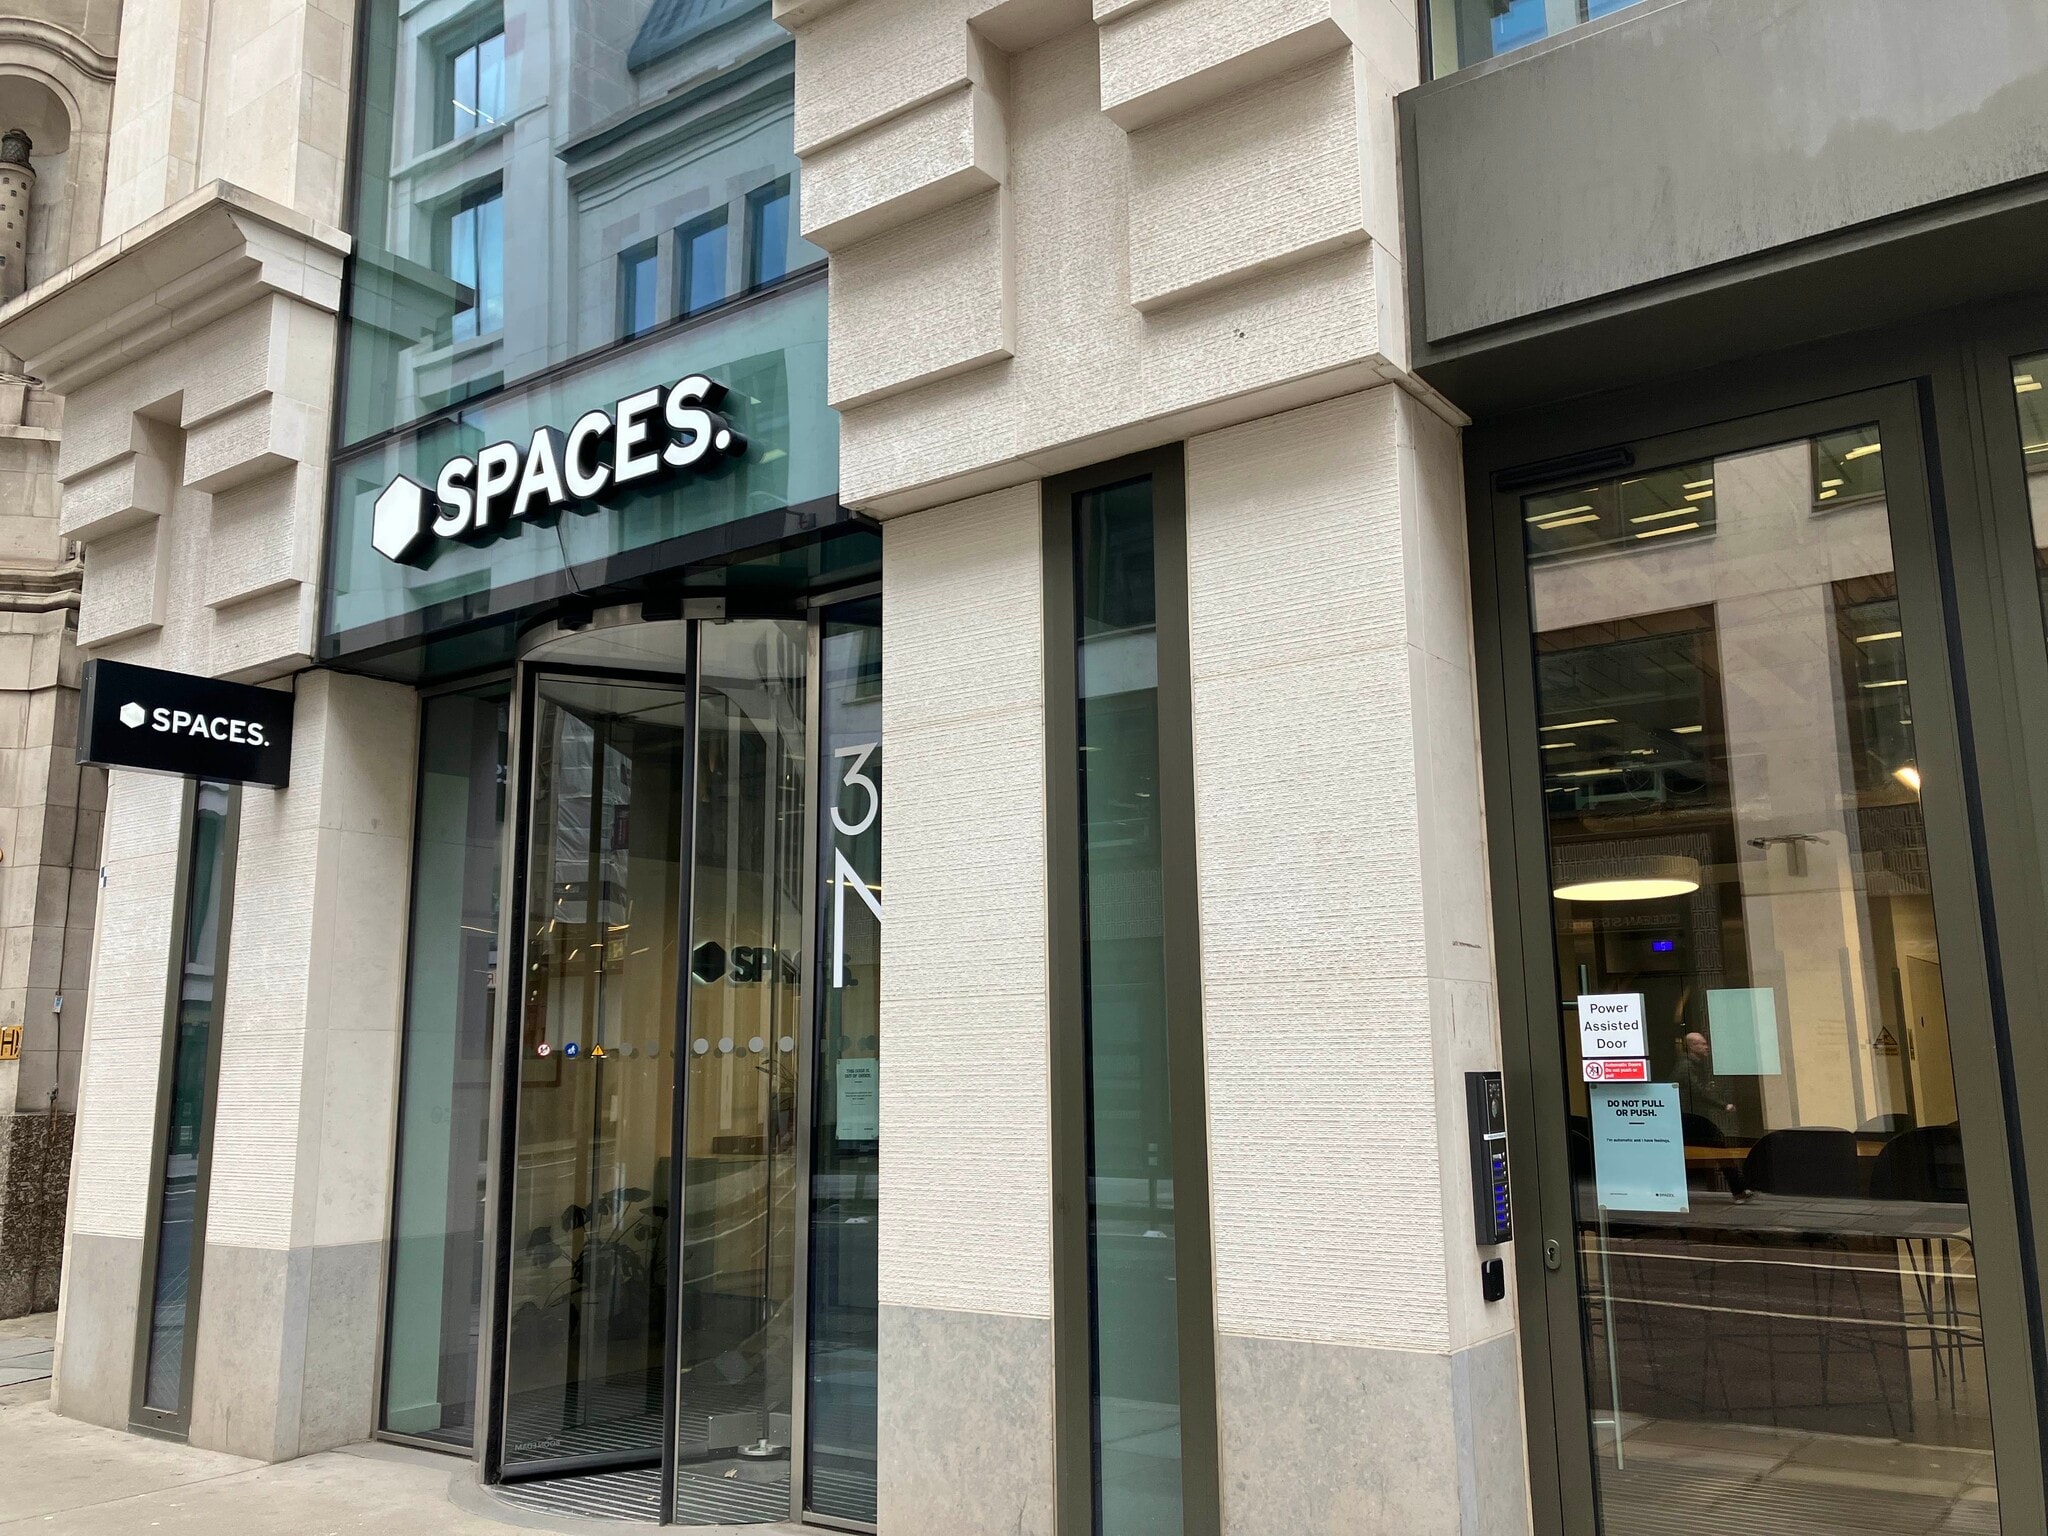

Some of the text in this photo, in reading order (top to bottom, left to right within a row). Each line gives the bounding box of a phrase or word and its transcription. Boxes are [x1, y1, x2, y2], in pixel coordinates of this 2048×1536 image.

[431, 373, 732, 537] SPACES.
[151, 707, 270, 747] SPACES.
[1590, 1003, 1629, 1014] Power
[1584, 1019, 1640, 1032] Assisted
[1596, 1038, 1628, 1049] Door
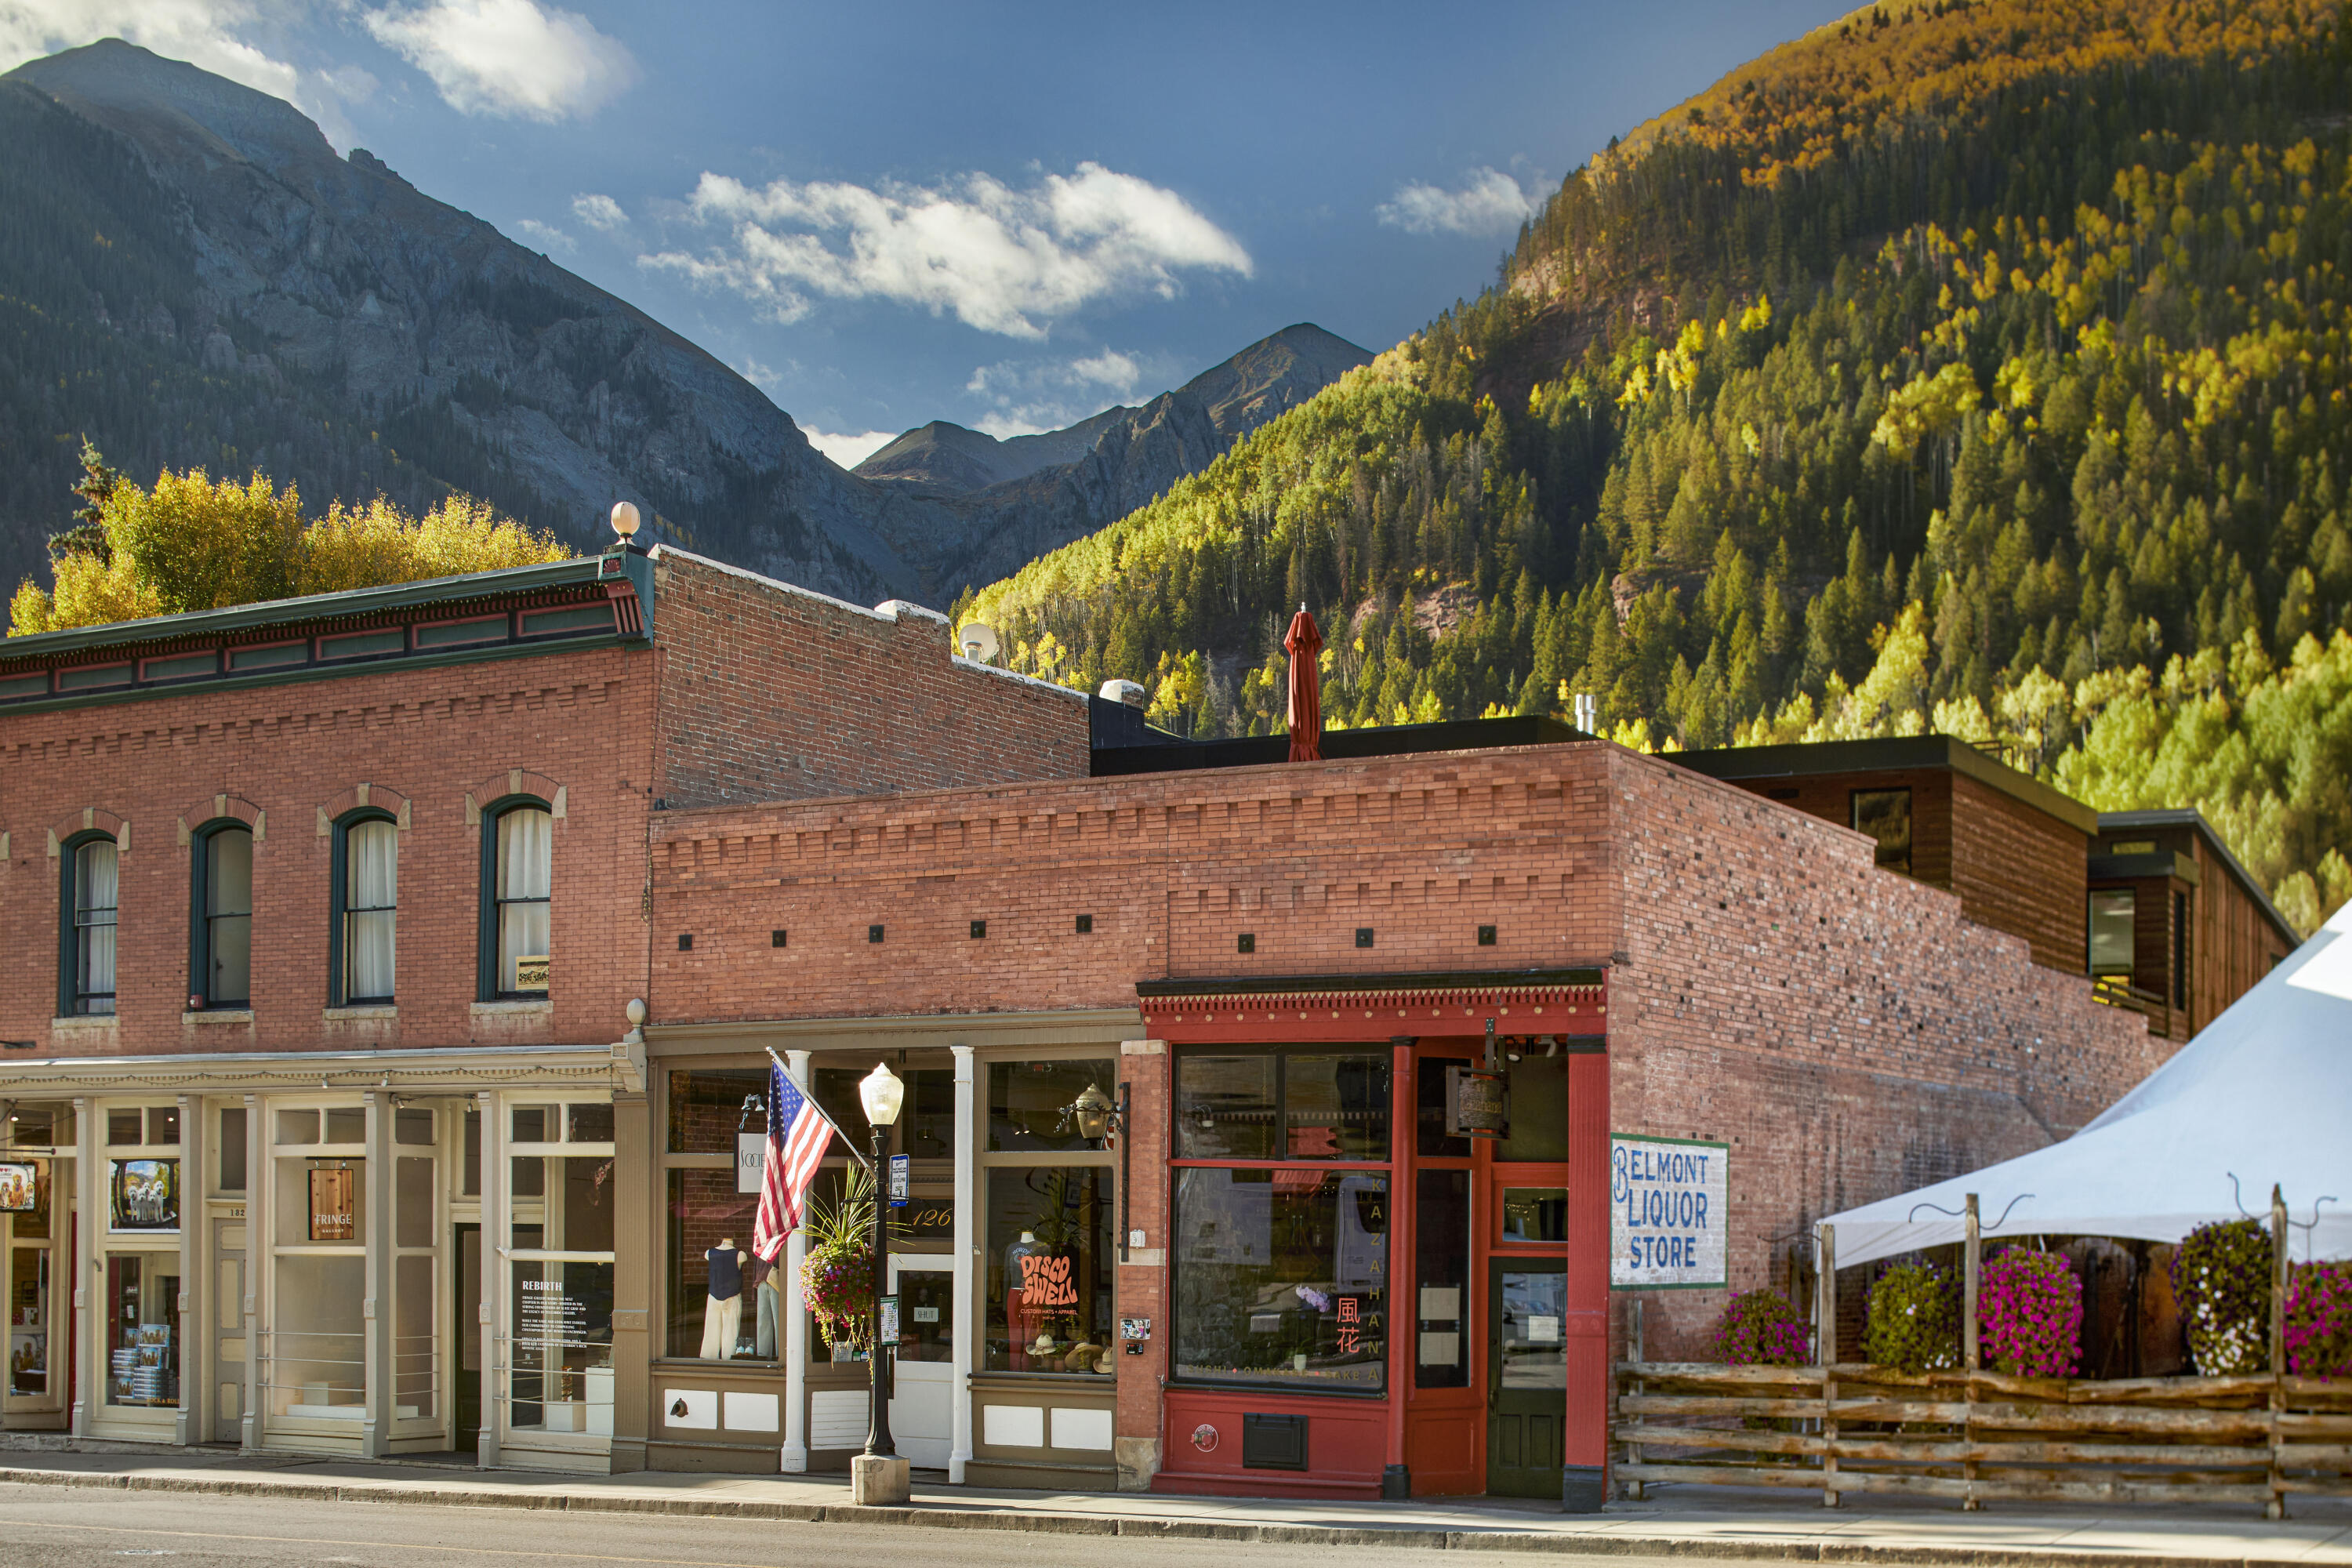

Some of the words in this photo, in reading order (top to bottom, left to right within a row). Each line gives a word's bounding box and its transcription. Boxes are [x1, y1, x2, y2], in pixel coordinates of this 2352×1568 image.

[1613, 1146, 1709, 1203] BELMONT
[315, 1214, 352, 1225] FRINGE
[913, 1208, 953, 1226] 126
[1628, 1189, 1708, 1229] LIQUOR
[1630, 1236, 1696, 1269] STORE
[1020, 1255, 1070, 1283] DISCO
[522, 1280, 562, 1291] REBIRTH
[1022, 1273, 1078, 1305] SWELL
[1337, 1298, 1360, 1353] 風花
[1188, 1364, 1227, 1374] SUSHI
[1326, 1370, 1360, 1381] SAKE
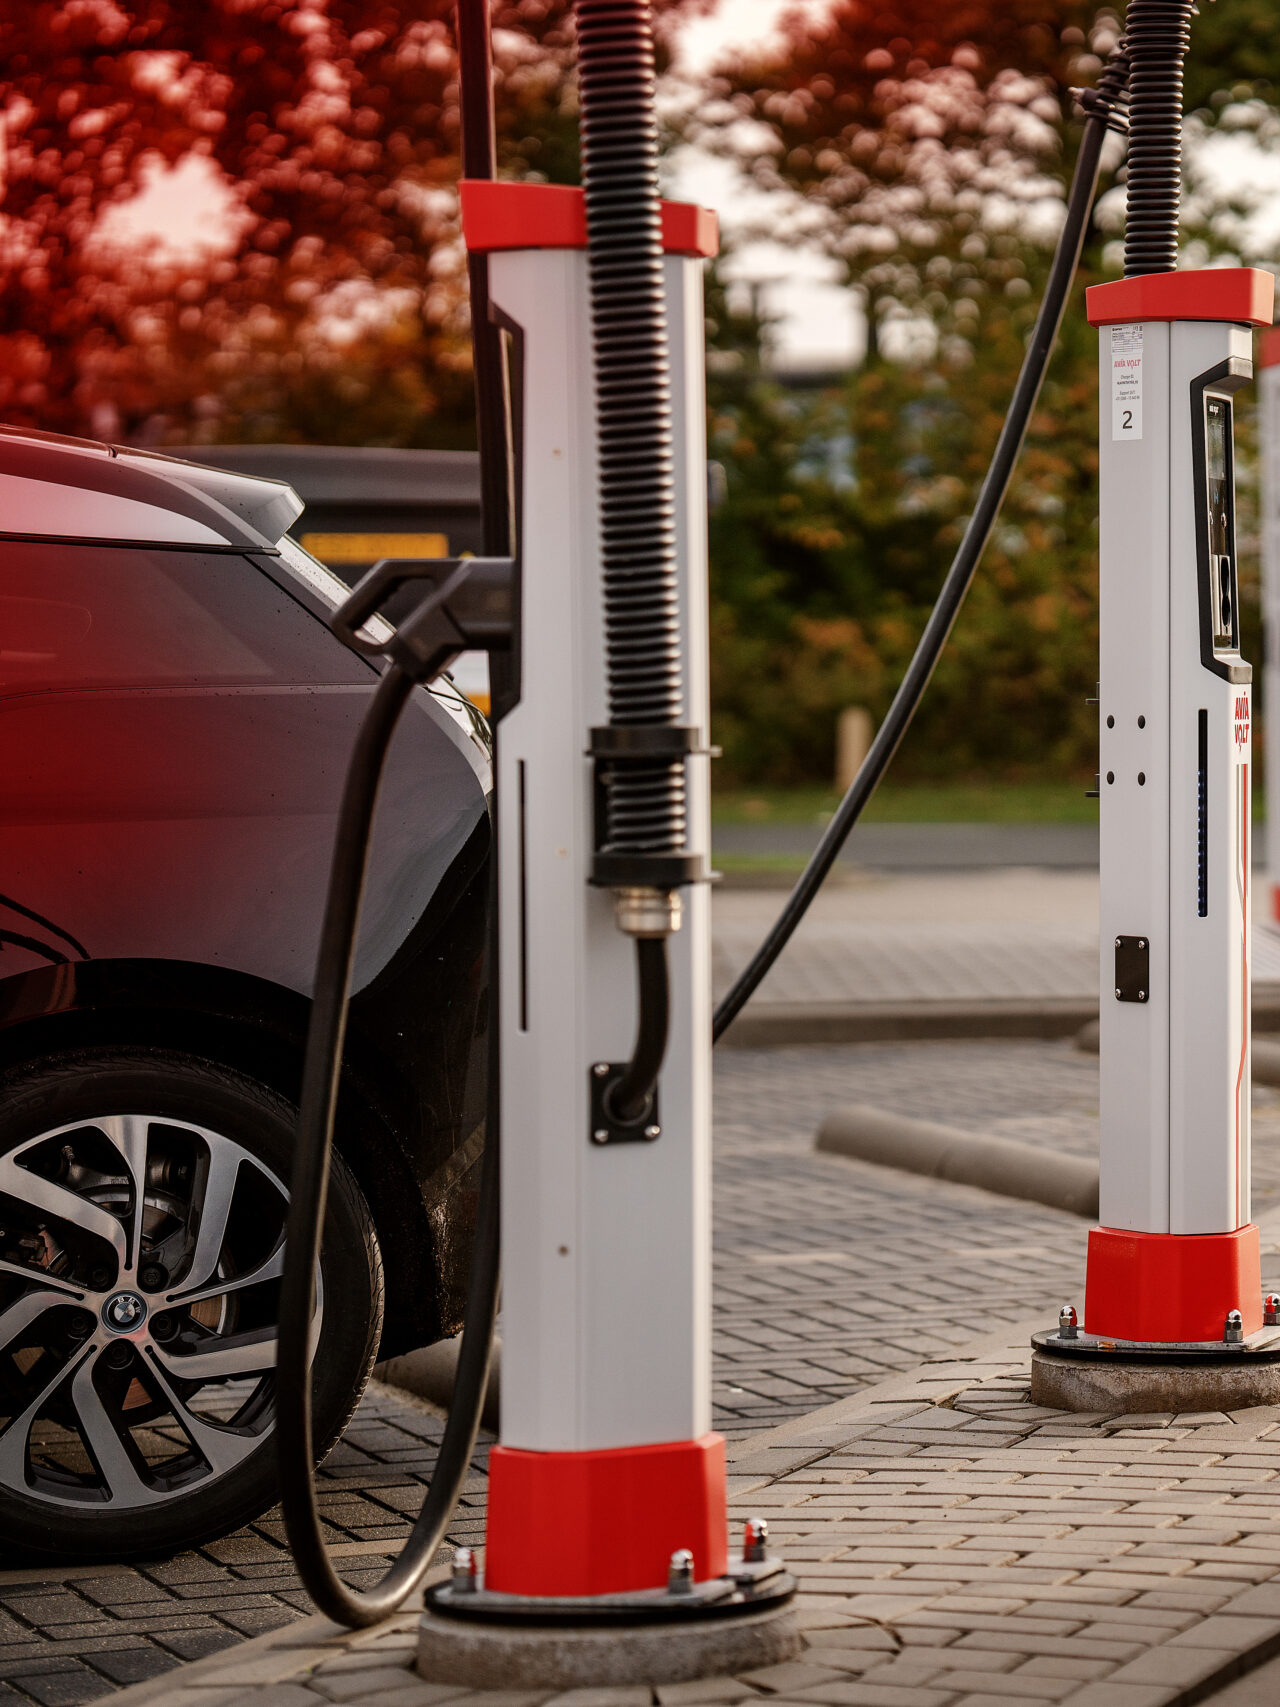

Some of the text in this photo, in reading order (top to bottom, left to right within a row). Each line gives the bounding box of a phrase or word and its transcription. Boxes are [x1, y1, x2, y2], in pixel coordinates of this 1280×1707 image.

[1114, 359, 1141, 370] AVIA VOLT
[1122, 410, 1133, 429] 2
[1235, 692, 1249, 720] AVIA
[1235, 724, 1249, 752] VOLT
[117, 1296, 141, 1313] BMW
########################################
Exercise: Print every entry above again without changing a word, and omit the pictures.

Finished task:
Some of the text in this photo, in reading order (top to bottom, left to right within a row). Each line gives the bounding box of a phrase or word and its transcription. Boxes are [x1, y1, x2, y2], in pixel coordinates of this 2048×1536 image.

[431, 373, 732, 537] SPACES.
[151, 707, 270, 747] SPACES.
[1590, 1003, 1629, 1014] Power
[1584, 1019, 1640, 1032] Assisted
[1596, 1038, 1628, 1049] Door

Some of the words in this photo, in reading order (top to bottom, left to right within a row). Each line gives a word's bounding box and its transcription. Boxes are [x1, y1, x2, y2], in pixel coordinates of this 2352×1568 image.

[1613, 1146, 1709, 1203] BELMONT
[315, 1214, 352, 1225] FRINGE
[913, 1208, 953, 1226] 126
[1628, 1189, 1708, 1229] LIQUOR
[1630, 1236, 1696, 1269] STORE
[1020, 1255, 1070, 1283] DISCO
[522, 1280, 562, 1291] REBIRTH
[1022, 1273, 1078, 1305] SWELL
[1337, 1298, 1360, 1353] 風花
[1188, 1364, 1227, 1374] SUSHI
[1326, 1370, 1360, 1381] SAKE

Some of the text in this photo, in reading order (top to bottom, left to right within a row). Each line gives the bounding box of a phrase or word and its transcription. Boxes are [x1, y1, x2, y2], in pixel coordinates of this 1280×1707 image.

[1114, 359, 1141, 370] AVIA VOLT
[1122, 410, 1133, 429] 2
[1235, 692, 1249, 720] AVIA
[1235, 724, 1249, 752] VOLT
[117, 1296, 141, 1313] BMW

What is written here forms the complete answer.